#### TASK DIRECTIONS
In your copy, reproduce each entry exactly and leave out the pictures.

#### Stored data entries

☆ ☆ ☆ ☆ ☆

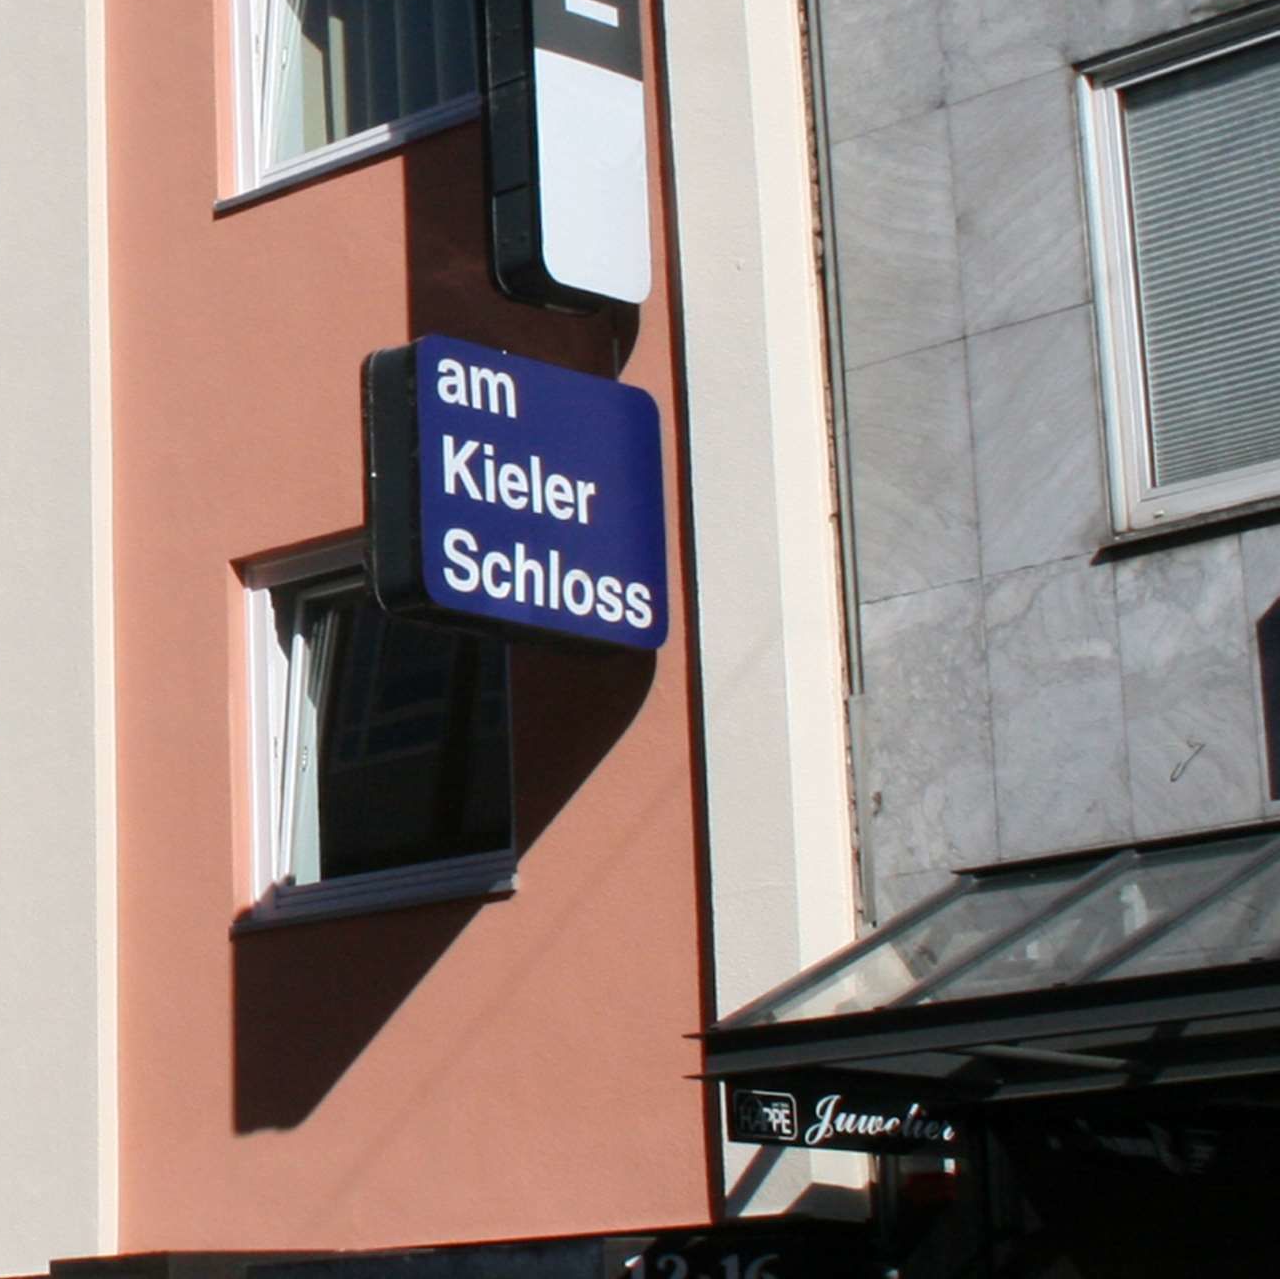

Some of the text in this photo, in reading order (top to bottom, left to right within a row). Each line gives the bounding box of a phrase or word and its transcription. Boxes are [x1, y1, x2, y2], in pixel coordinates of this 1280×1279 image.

[437, 357, 517, 419] am
[442, 434, 596, 525] Kieler
[442, 527, 654, 630] Schloss
[804, 1093, 959, 1147] Juwelier

☆ ☆ ☆ ☆ ☆

#### REPLY
Some of the text in this photo, in reading order (top to bottom, left to right within a row). Each line gives the bounding box of a phrase or word and its transcription. Boxes are [x1, y1, x2, y2], in pixel coordinates of this 1280×1279 image.

[437, 357, 517, 419] am
[442, 434, 596, 525] Kieler
[442, 527, 654, 630] Schloss
[804, 1093, 959, 1147] Juwelier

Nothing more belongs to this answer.